* What needs to be done *
Exact copy, no pictures: set down the lines from the one holding "this 1280×1706 image." through the final line of the records below.

* Records provided *
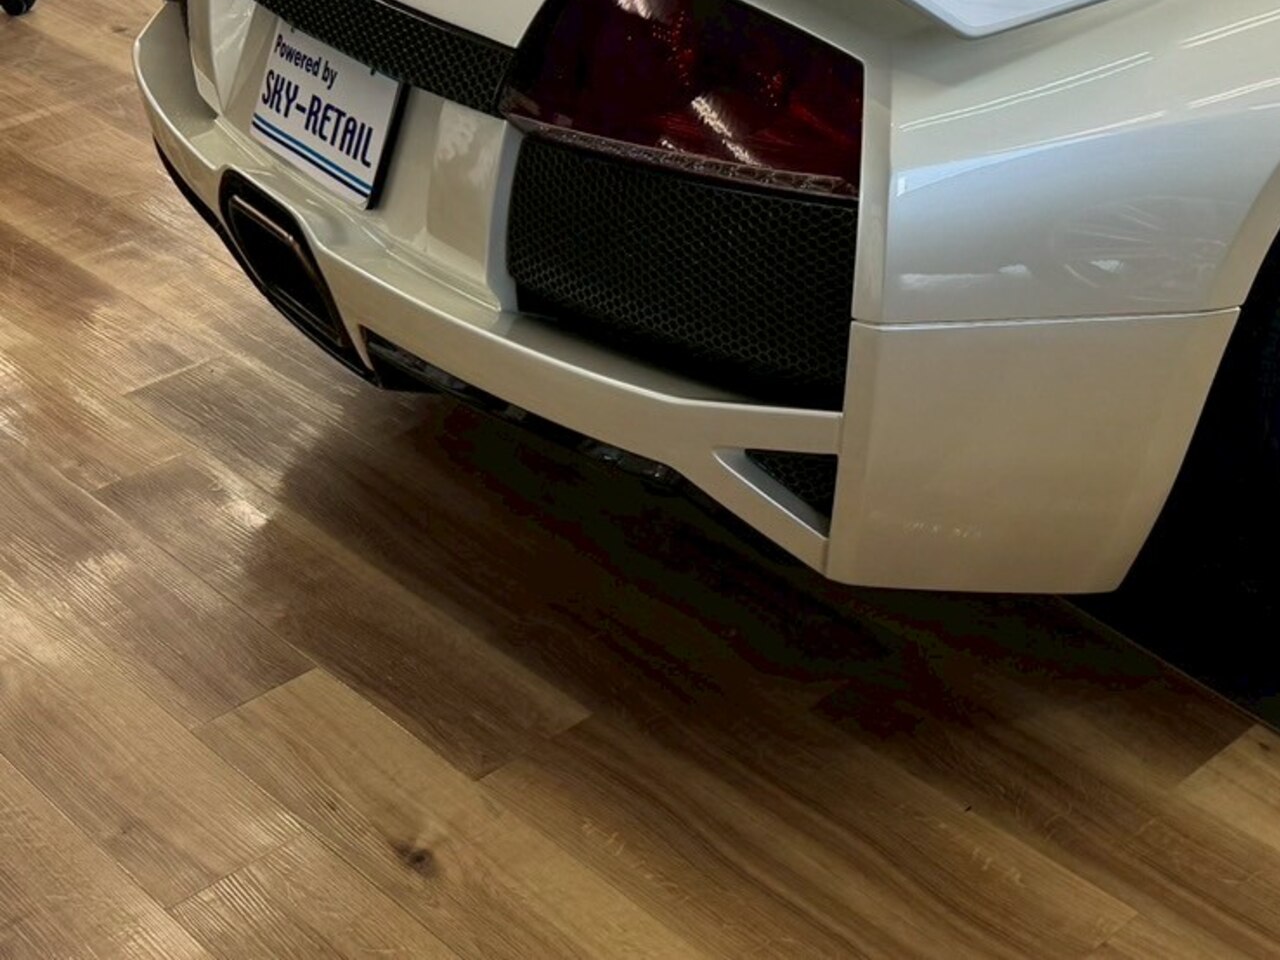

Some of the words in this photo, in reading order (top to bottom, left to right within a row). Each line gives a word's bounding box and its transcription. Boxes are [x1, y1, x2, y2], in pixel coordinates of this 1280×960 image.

[274, 34, 322, 77] Powered
[321, 60, 339, 90] by
[261, 69, 374, 169] SKY-RETAIL
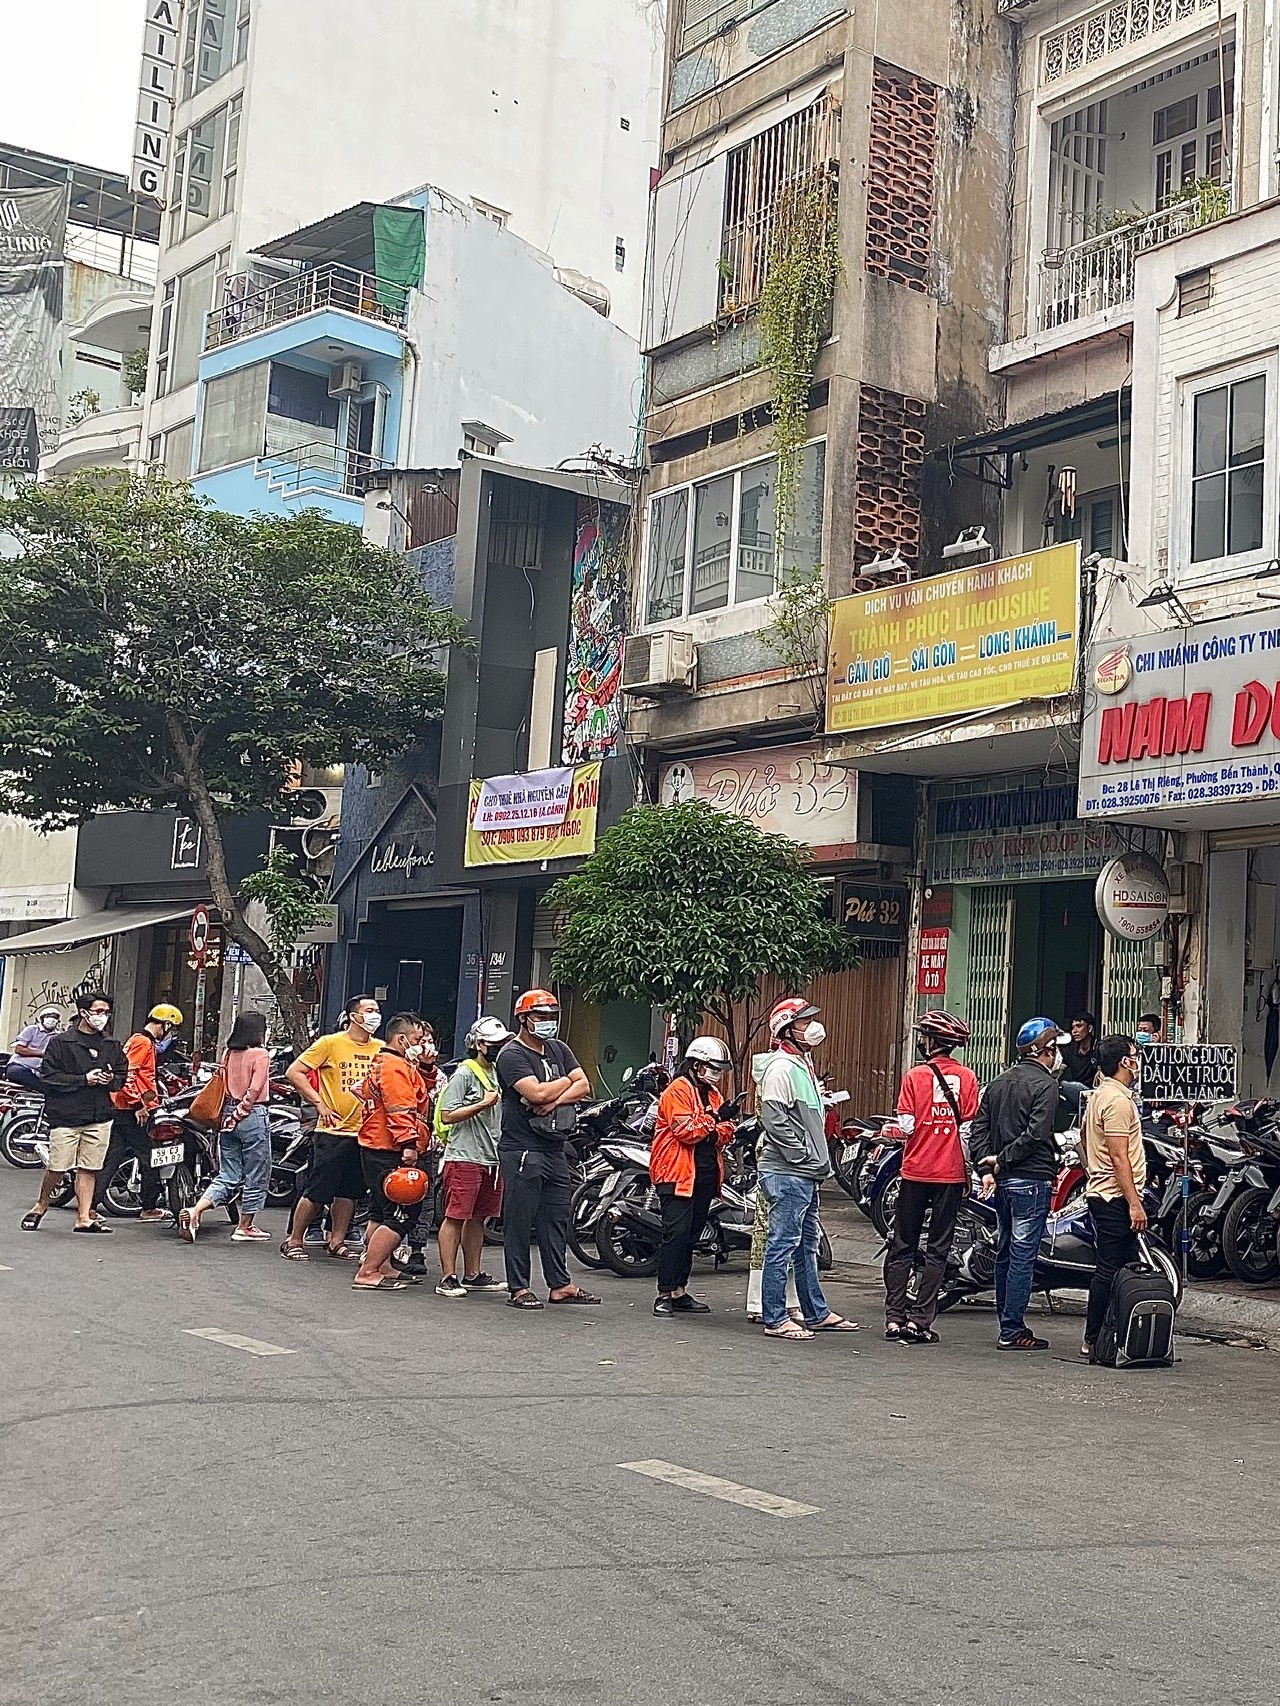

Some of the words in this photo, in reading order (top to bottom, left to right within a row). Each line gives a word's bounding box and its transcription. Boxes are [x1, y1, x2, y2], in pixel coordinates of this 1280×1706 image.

[864, 598, 887, 619] DỊCH
[889, 596, 902, 613] VỤ
[904, 588, 924, 611] VẬN
[926, 574, 964, 603] CHUYỂN
[967, 569, 995, 593] HÀNH
[997, 562, 1033, 586] KHÁCH
[849, 620, 900, 653] THÀNH
[905, 607, 951, 642] PHÚC
[955, 587, 1051, 632] LIMOUSINE
[847, 656, 869, 686] CẦN
[872, 651, 892, 681] GIỜ
[910, 643, 930, 674] SÀI
[933, 637, 957, 670] GÒN
[979, 629, 1011, 661] LONG
[1013, 618, 1057, 653] KHÁNH
[1135, 651, 1155, 674] CHI
[1158, 638, 1199, 670] NHÁNH
[1202, 635, 1236, 661] CÔNG
[1239, 633, 1256, 655] TY
[1097, 672, 1127, 685] HONDA
[1097, 691, 1213, 766] NAM
[706, 764, 781, 818] Phở
[1117, 781, 1129, 793] 28
[1130, 779, 1141, 791] Lê
[1141, 777, 1155, 793] Thị
[1157, 775, 1184, 789] Riêng,
[1186, 768, 1219, 786] Phường
[1221, 764, 1239, 780] Bến
[1086, 798, 1100, 811] ĐT:
[1101, 791, 1161, 809] 028.39250076
[1168, 789, 1186, 802] Fax:
[1188, 780, 1254, 800] 028.38397329
[845, 896, 877, 922] Phở
[879, 900, 900, 925] 32
[1118, 916, 1135, 933] 1900
[921, 955, 930, 969] XE
[930, 951, 946, 969] MÁY
[1142, 1046, 1167, 1064] VUI
[1175, 1066, 1193, 1084] XE
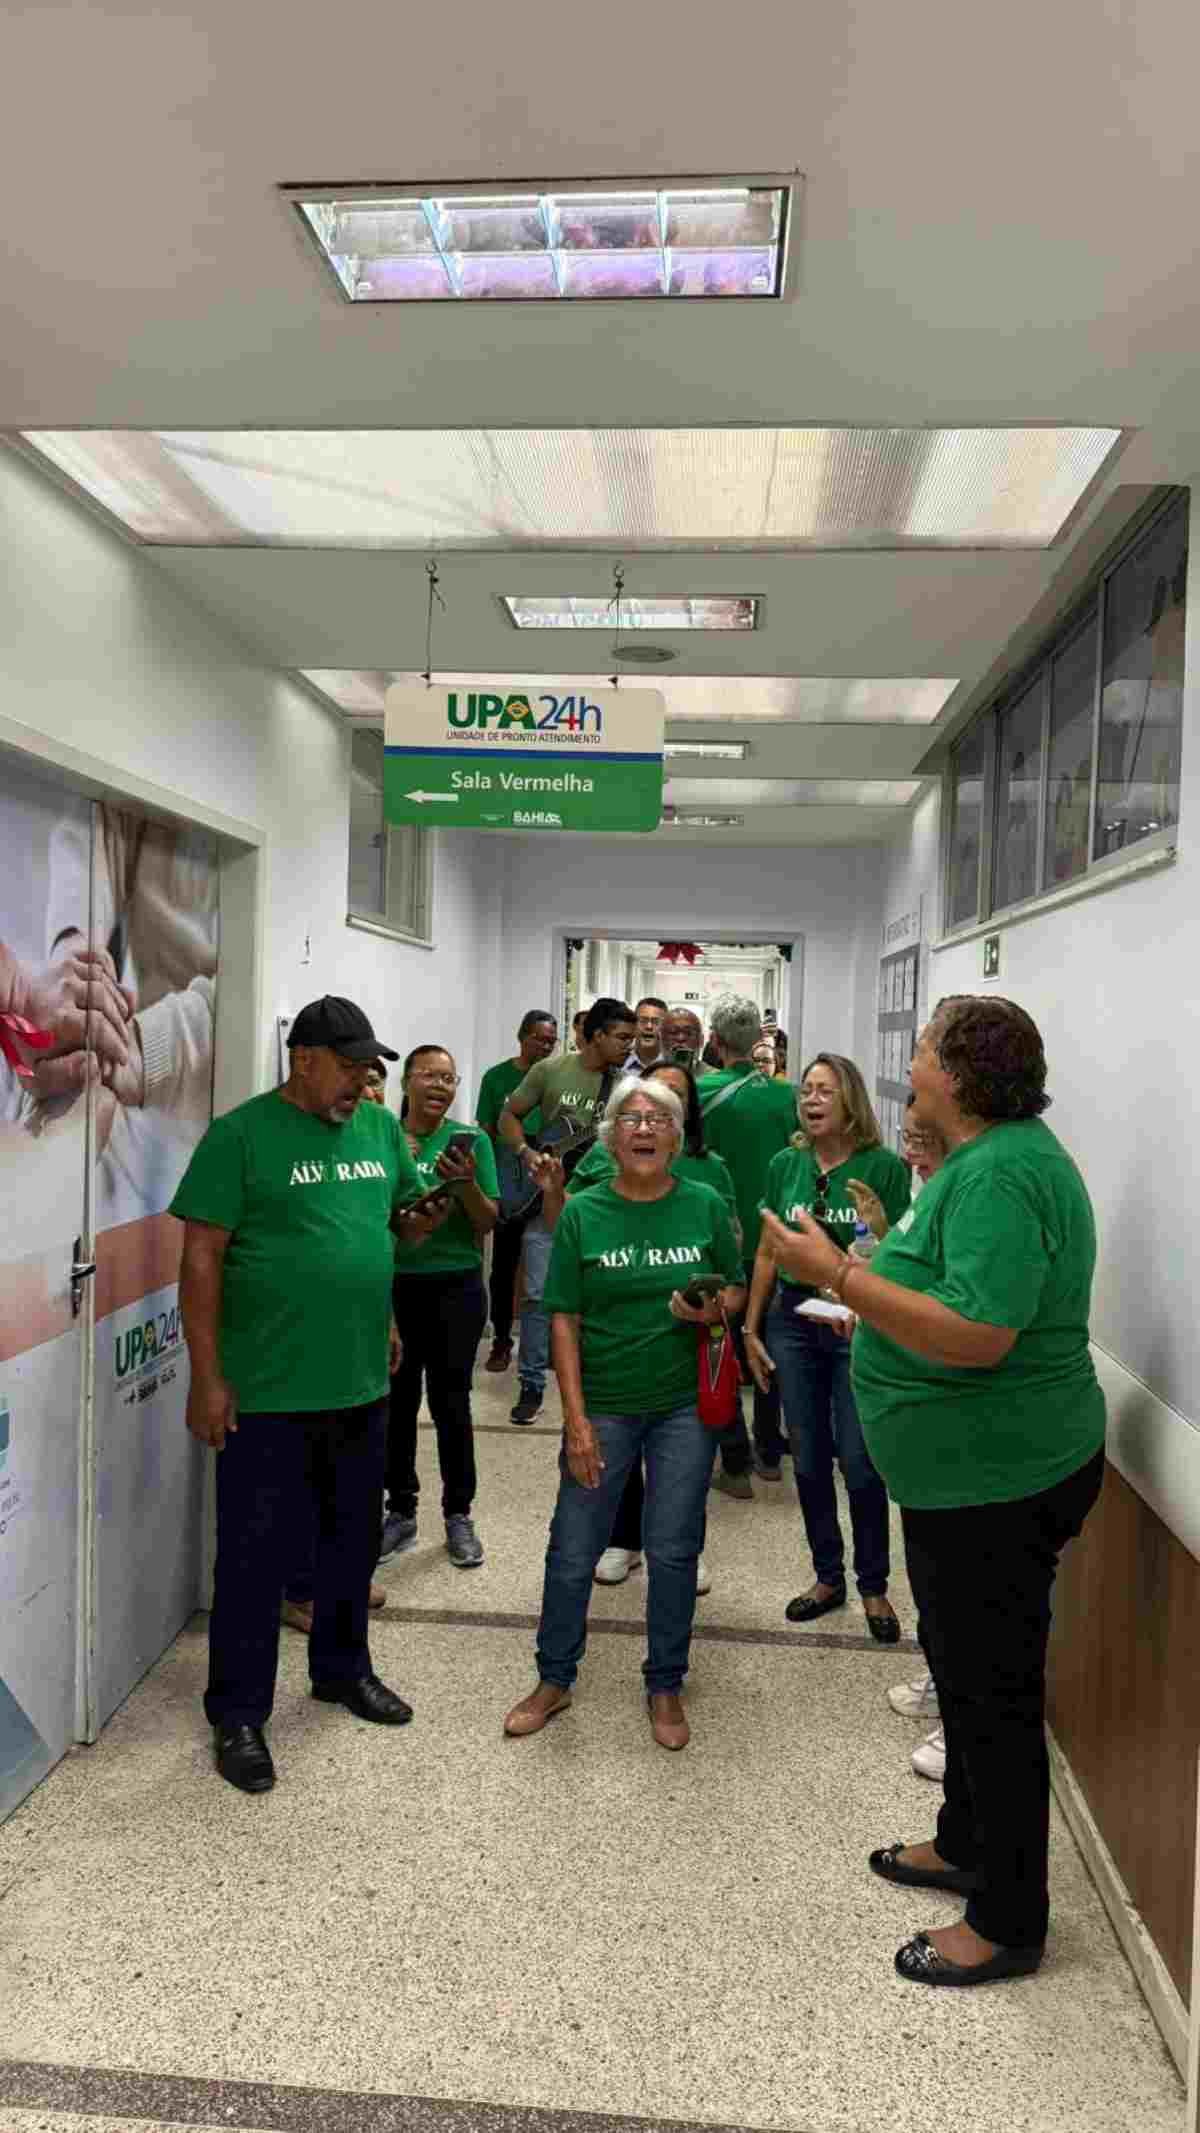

* Result below *
Some of the words in this photo, in reading order (top to bottom, left to right within a row). Each line gives a word's bounding box and its transcription. Boxes are [x1, y1, x2, y2], in pixel coordinates of this 1280×1706 image.

[864, 598, 887, 619] DỊCH
[889, 596, 902, 613] VỤ
[904, 588, 924, 611] VẬN
[926, 574, 964, 603] CHUYỂN
[967, 569, 995, 593] HÀNH
[997, 562, 1033, 586] KHÁCH
[849, 620, 900, 653] THÀNH
[905, 607, 951, 642] PHÚC
[955, 587, 1051, 632] LIMOUSINE
[847, 656, 869, 686] CẦN
[872, 651, 892, 681] GIỜ
[910, 643, 930, 674] SÀI
[933, 637, 957, 670] GÒN
[979, 629, 1011, 661] LONG
[1013, 618, 1057, 653] KHÁNH
[1135, 651, 1155, 674] CHI
[1158, 638, 1199, 670] NHÁNH
[1202, 635, 1236, 661] CÔNG
[1239, 633, 1256, 655] TY
[1097, 672, 1127, 685] HONDA
[1097, 691, 1213, 766] NAM
[706, 764, 781, 818] Phở
[1117, 781, 1129, 793] 28
[1130, 779, 1141, 791] Lê
[1141, 777, 1155, 793] Thị
[1157, 775, 1184, 789] Riêng,
[1186, 768, 1219, 786] Phường
[1221, 764, 1239, 780] Bến
[1086, 798, 1100, 811] ĐT:
[1101, 791, 1161, 809] 028.39250076
[1168, 789, 1186, 802] Fax:
[1188, 780, 1254, 800] 028.38397329
[845, 896, 877, 922] Phở
[879, 900, 900, 925] 32
[1118, 916, 1135, 933] 1900
[921, 955, 930, 969] XE
[930, 951, 946, 969] MÁY
[1142, 1046, 1167, 1064] VUI
[1175, 1066, 1193, 1084] XE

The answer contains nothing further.